__WHAT YOU WILL DO__.
If a record below holds a picture, leave the picture out and copy the rest exactly.

__Records drawn from a dataset__.
━━━━━━━━━━━━━━━━

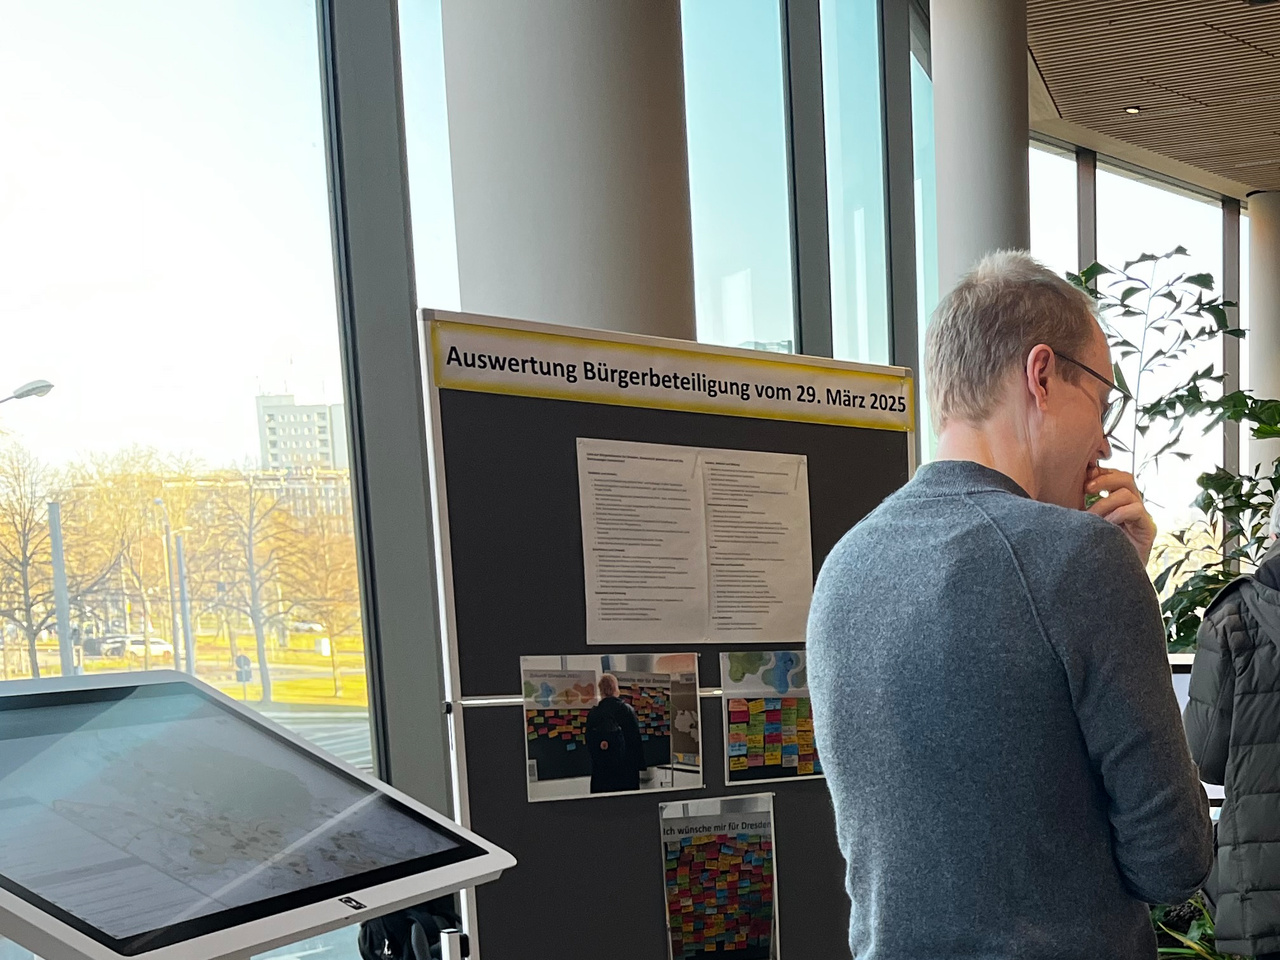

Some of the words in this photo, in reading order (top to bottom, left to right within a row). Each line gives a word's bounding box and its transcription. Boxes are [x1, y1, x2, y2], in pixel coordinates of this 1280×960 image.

[446, 345, 577, 383] Auswertung
[583, 361, 750, 401] Bürgerbeteiligung
[755, 383, 791, 401] vom
[796, 385, 821, 404] 29.
[826, 388, 866, 409] März
[869, 392, 906, 413] 2025
[663, 827, 675, 836] Ich
[677, 825, 712, 835] wünsche
[714, 824, 726, 832] mir
[728, 822, 739, 831] für
[741, 821, 771, 830] Dresden
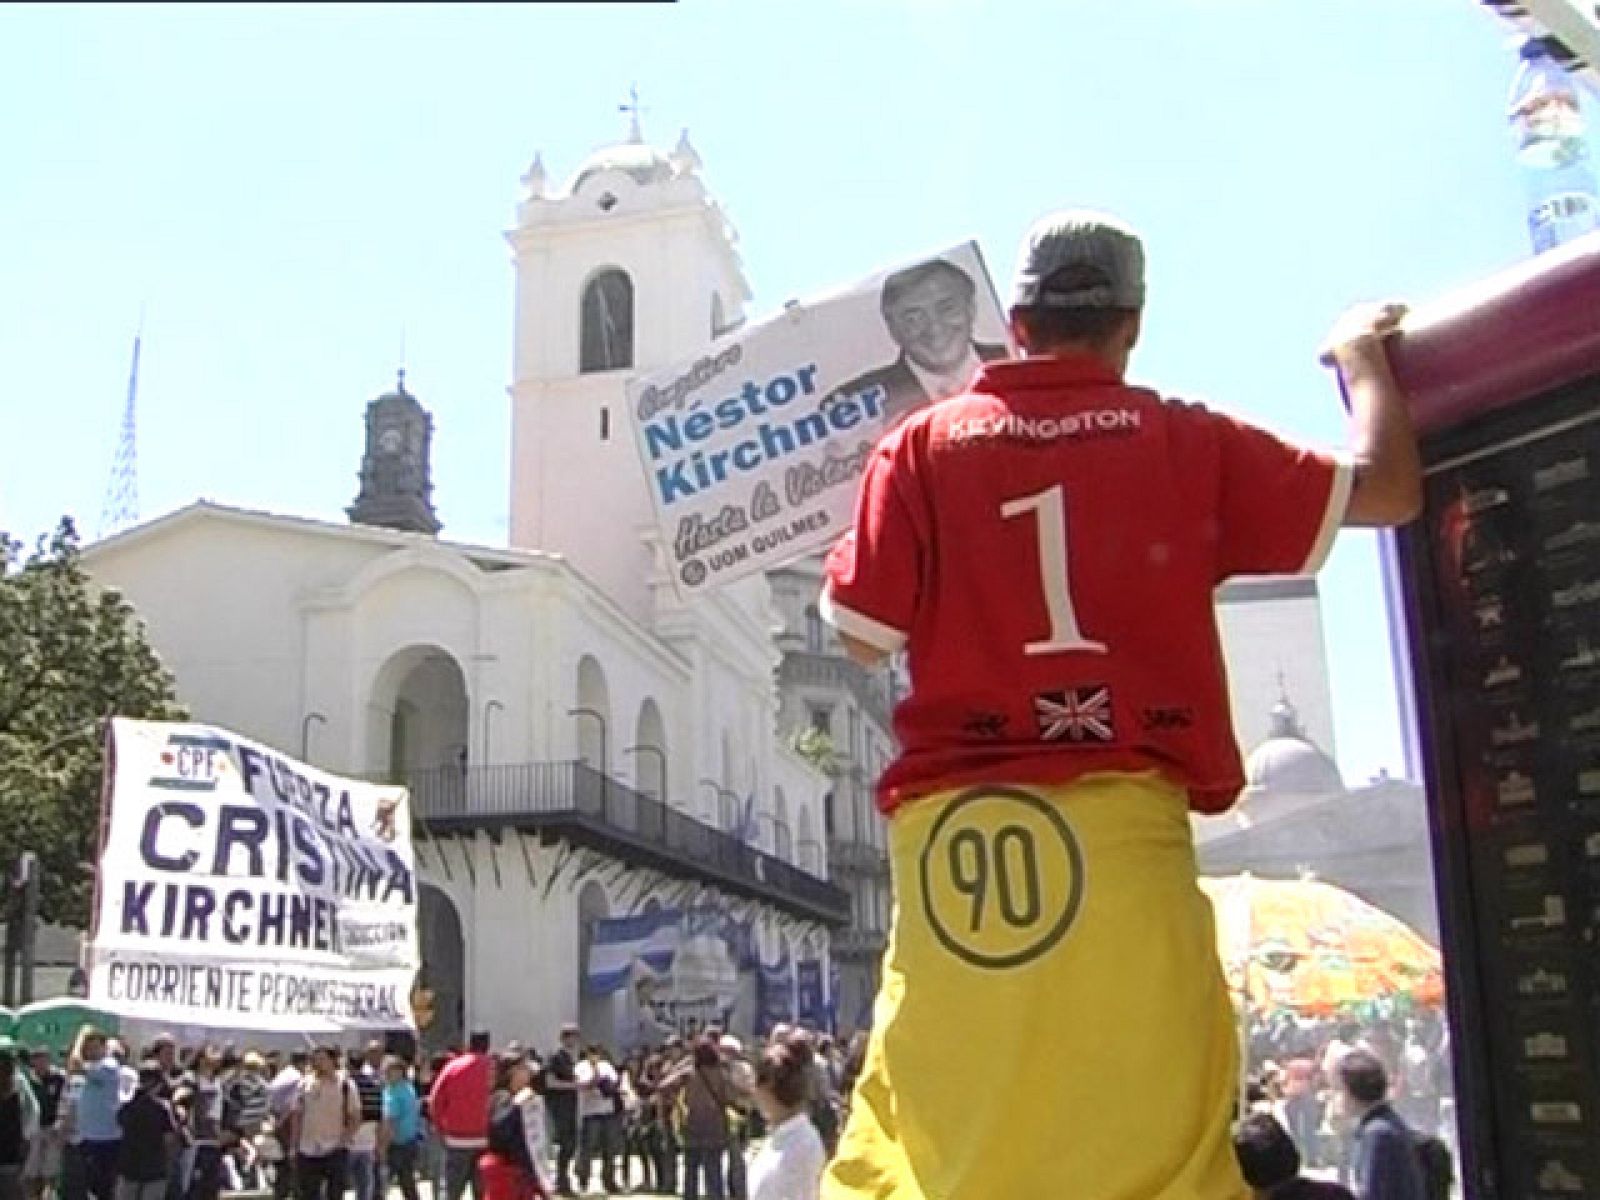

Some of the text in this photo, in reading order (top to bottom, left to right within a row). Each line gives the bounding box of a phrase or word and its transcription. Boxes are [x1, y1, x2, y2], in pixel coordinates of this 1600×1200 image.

[644, 364, 819, 461] Néstor
[656, 386, 886, 505] Kirchner
[752, 510, 831, 553] QUILMES
[1000, 483, 1110, 656] 1
[139, 801, 412, 904] CRISTINA
[949, 824, 1042, 933] 90
[108, 961, 254, 1012] CORRIENTE
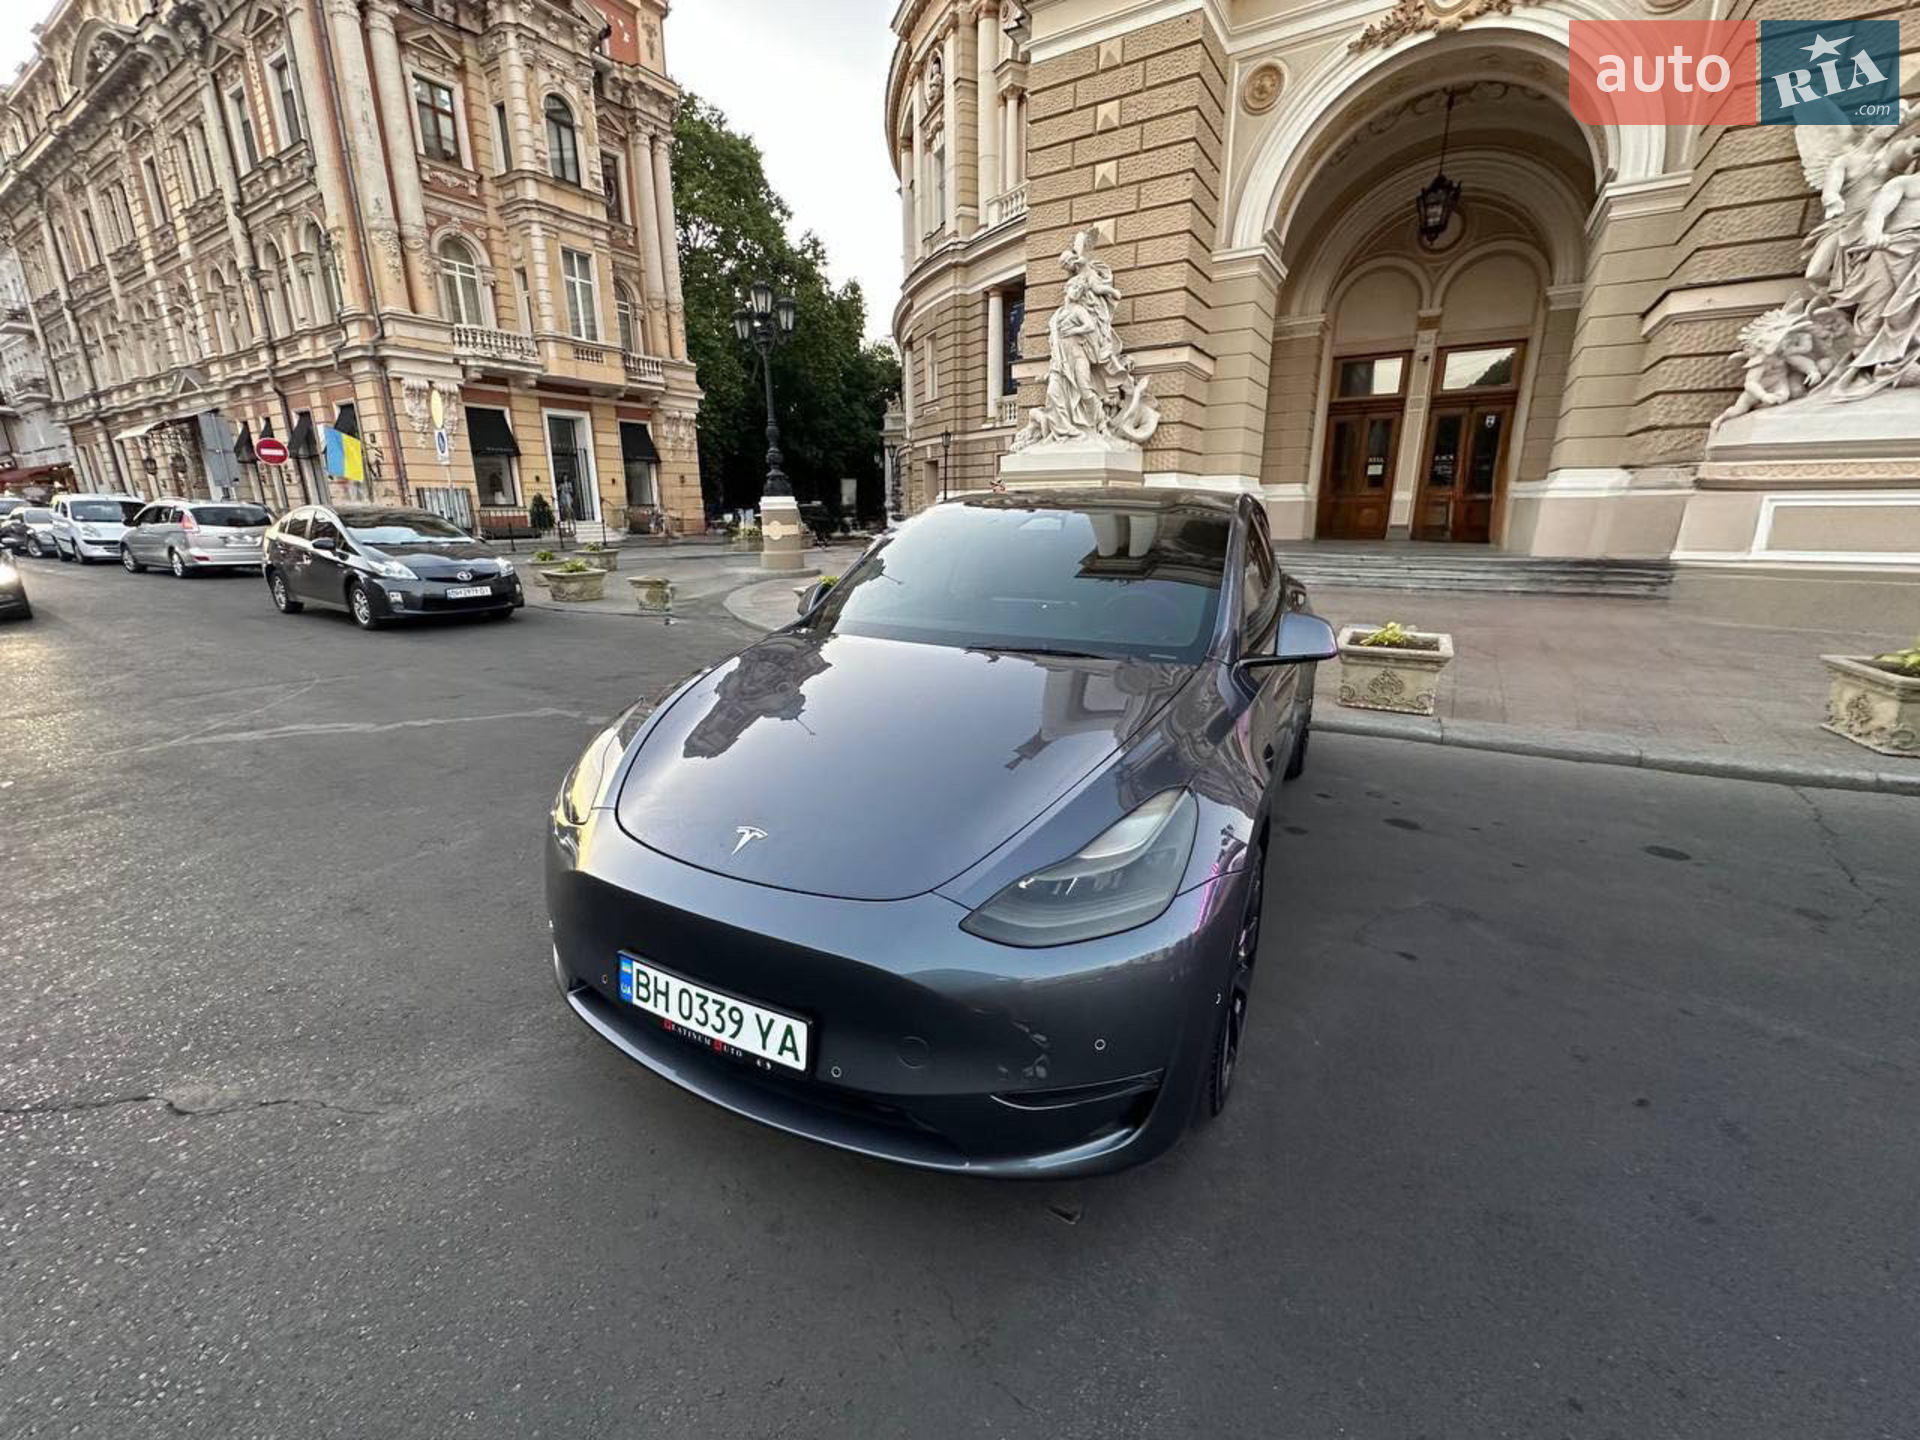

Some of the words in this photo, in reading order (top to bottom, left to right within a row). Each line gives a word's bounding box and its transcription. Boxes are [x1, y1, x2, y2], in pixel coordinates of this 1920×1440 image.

[636, 968, 670, 1013] BH
[678, 988, 744, 1039] 0339
[755, 1013, 800, 1062] YA
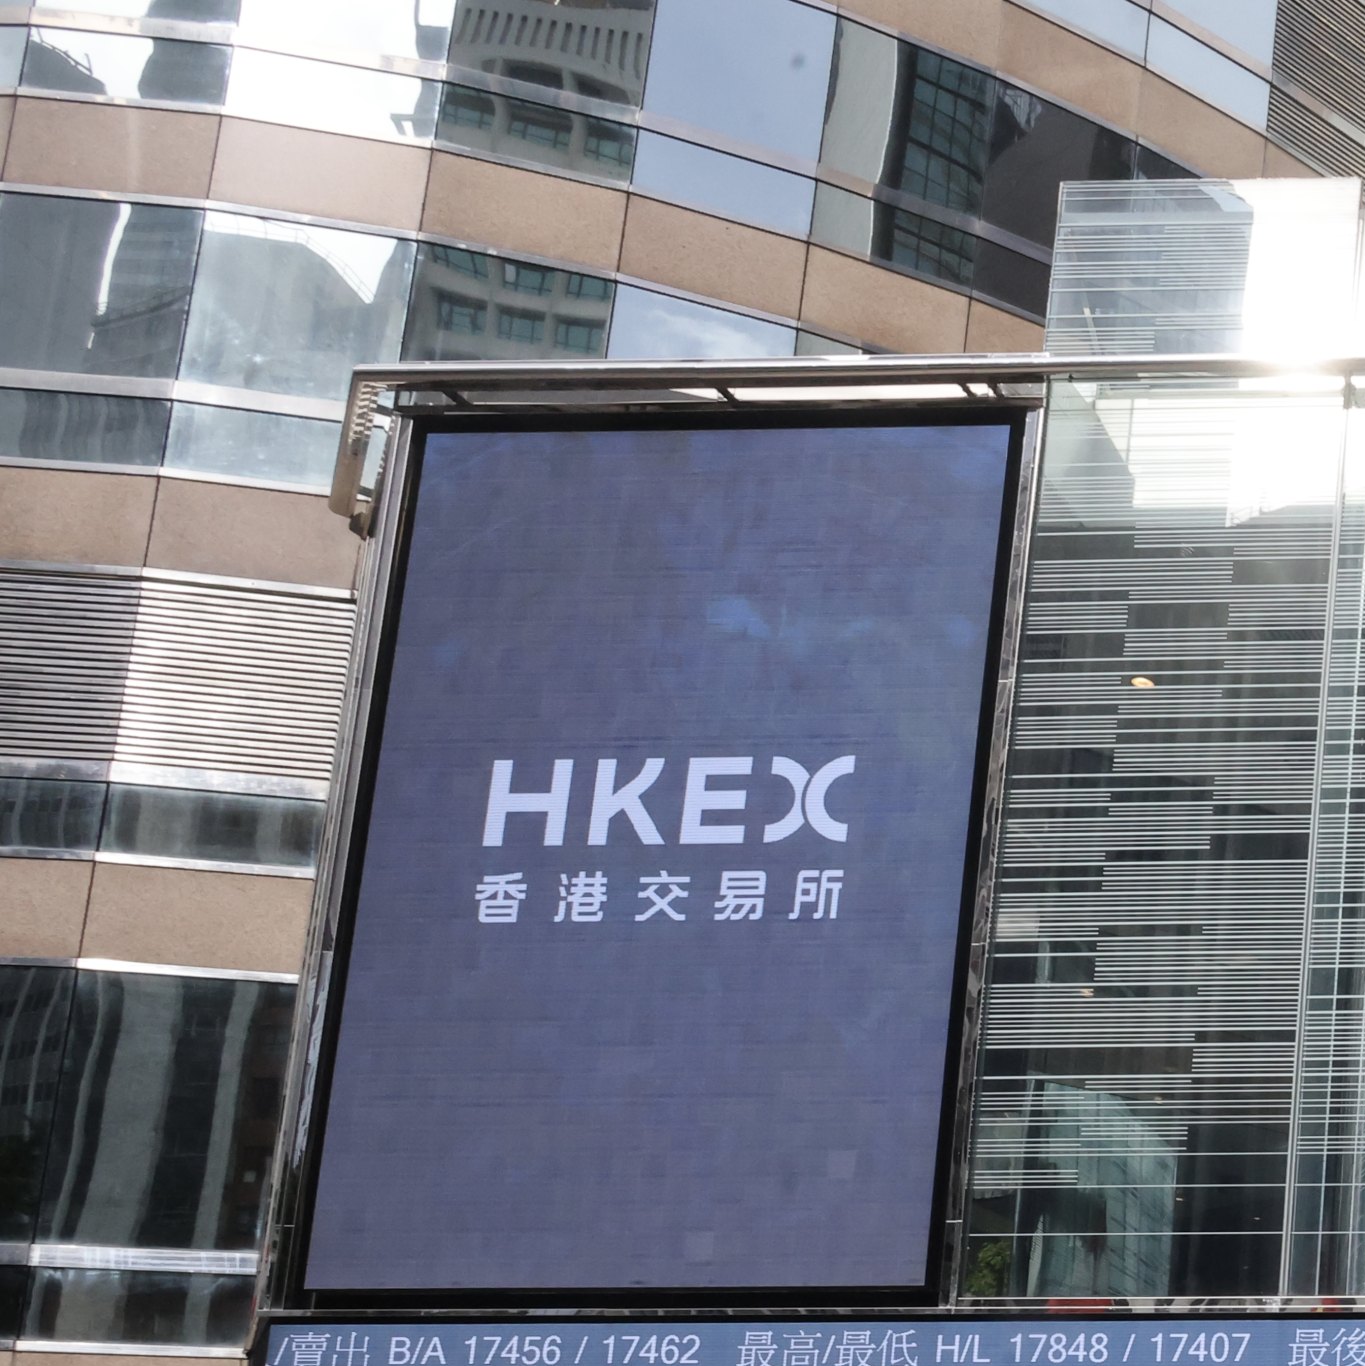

━━━━━━━━━━━━━━━━

__OUTPUT__.
Some of the words in this photo, in reading order (top to bottom, left to right within a row). Each line gives a word's bounding box and its transcription. Boxes are [x1, y1, x2, y2], in pixel coordinates of this 1280×960 image.

[446, 345, 577, 383] Auswertung
[583, 361, 750, 401] Bürgerbeteiligung
[755, 383, 791, 401] vom
[796, 385, 821, 404] 29.
[826, 388, 866, 409] März
[869, 392, 906, 413] 2025
[663, 827, 675, 836] Ich
[677, 825, 712, 835] wünsche
[714, 824, 726, 832] mir
[728, 822, 739, 831] für
[741, 821, 771, 830] Dresden

Some of the text in this photo, in reading order (top to bottom, left to right within a row). Each line gives the bounding box of a phrase or word and its transcription. Boxes are [x1, y1, x2, y2], in pixel coordinates of this 1600×1200 image.

[644, 364, 819, 461] Néstor
[656, 386, 886, 505] Kirchner
[752, 510, 831, 553] QUILMES
[1000, 483, 1110, 656] 1
[139, 801, 412, 904] CRISTINA
[949, 824, 1042, 933] 90
[108, 961, 254, 1012] CORRIENTE

Some of the words in this photo, in reading order (top to bottom, left to right within a row). Each line gives a word's bounding box and its transcription. Boxes are [x1, y1, x2, y2], in pixel coordinates of this 1920×1440 image.

[636, 968, 670, 1013] BH
[678, 988, 744, 1039] 0339
[755, 1013, 800, 1062] YA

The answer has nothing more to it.